Pools; Unification

Soren Renner — 2000-09-09 18:34:46

MORE ABOUT TOY

It is called "Toy" instead of Joy to avoid making a claim of exact adherence to the Joy standard if there is one. It is written in Oberon.

The parser recognizes integers, operators, booleans, strings, single characters, and quotations. It keeps operator definitions in a dictionary which uses a hash table. New operators can be defined as described in a previous post.

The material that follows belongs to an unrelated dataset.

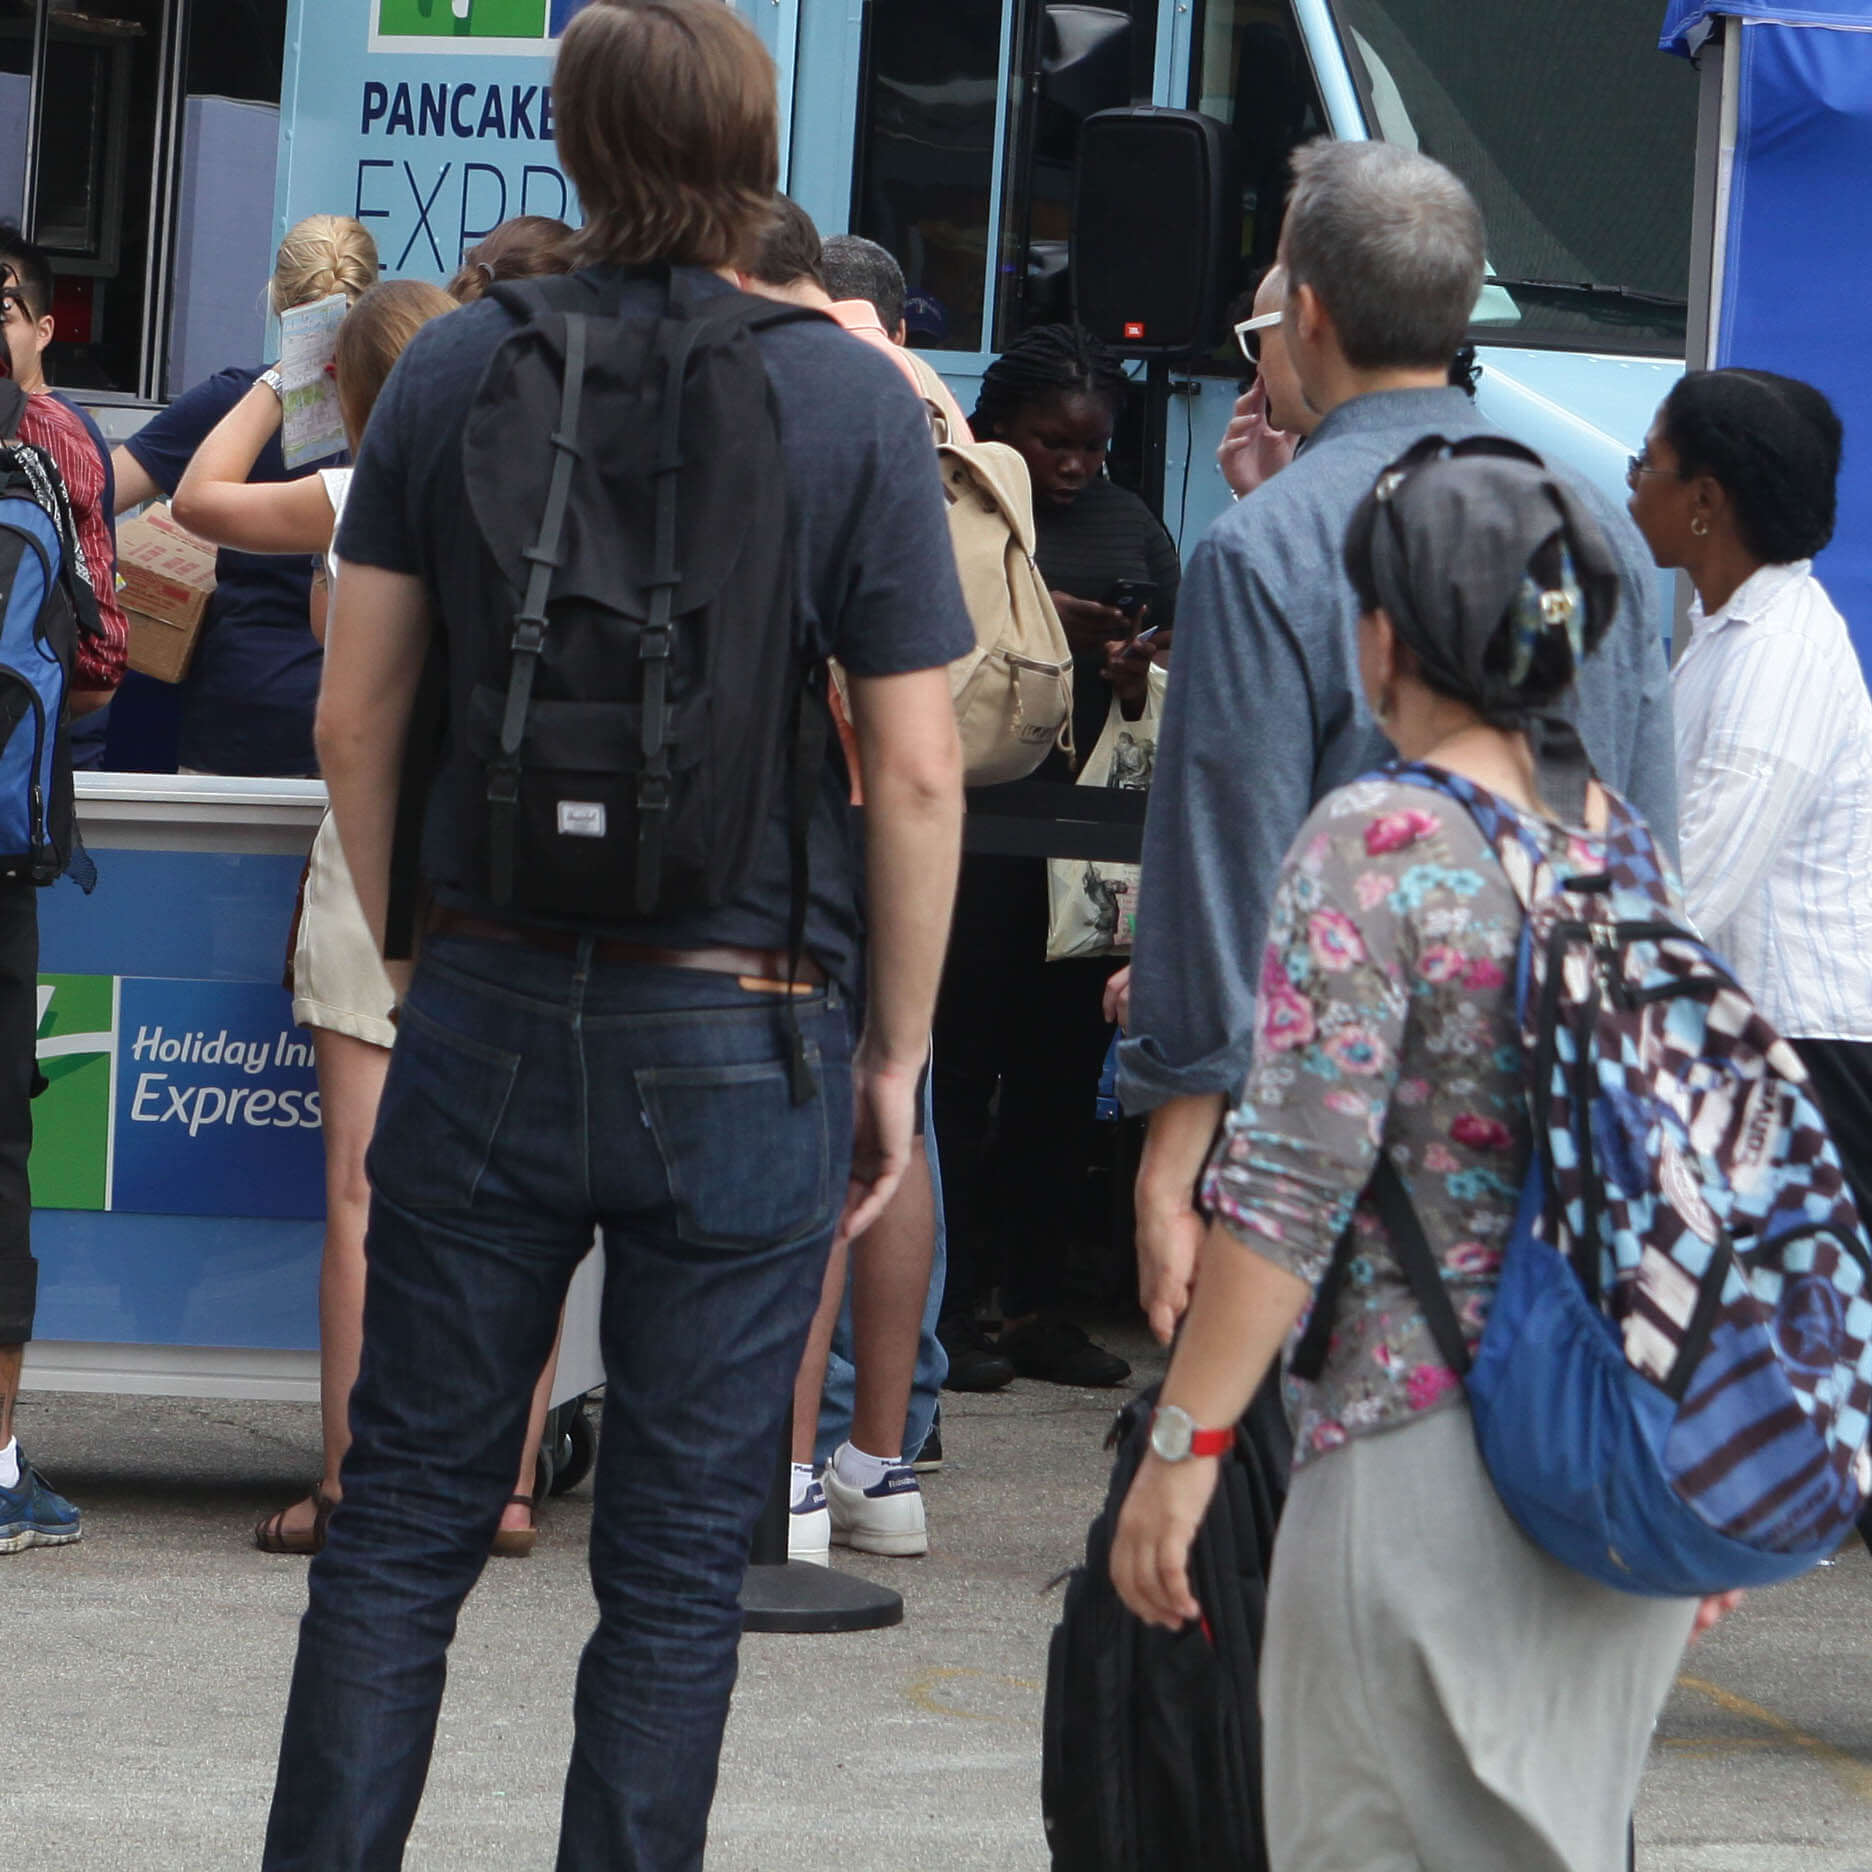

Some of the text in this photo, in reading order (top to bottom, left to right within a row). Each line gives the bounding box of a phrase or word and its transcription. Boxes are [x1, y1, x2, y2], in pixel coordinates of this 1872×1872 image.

[360, 81, 557, 140] PANCAKE
[131, 1025, 270, 1075] Holiday
[130, 1072, 323, 1138] Express

The garbage pools have been implemented. The only objection to them -- that garbage of one type couldn't be recycled into a different type -- is weak, because the pools themselves can be exposed to Oberon's GC just by setting pool := NIL, after which a collection can be forced with System.Collect. The pools are needed, too, because without them [ 1 [1 plus] 10000000 times] leaves ten million boxes of garbage each containing the integer 1. With the pools, only one box is left in the pool (because "plus" always tosses one box). Incidentally, this takes about 4 seconds on my 400 mhz x86 box running NO System 3 -- about 2.5 million additions per second. How does this compare with the Joy-in-C machines?

I am thinking that it would be diverting to use a dictionary to implement logical variables. Then Prolog could be implemented in Joy. Maybe a unification operator is all that would be required. Actually I was thinking more of Mozart Oz than Prolog. All the state would be carried around explicitly in a list.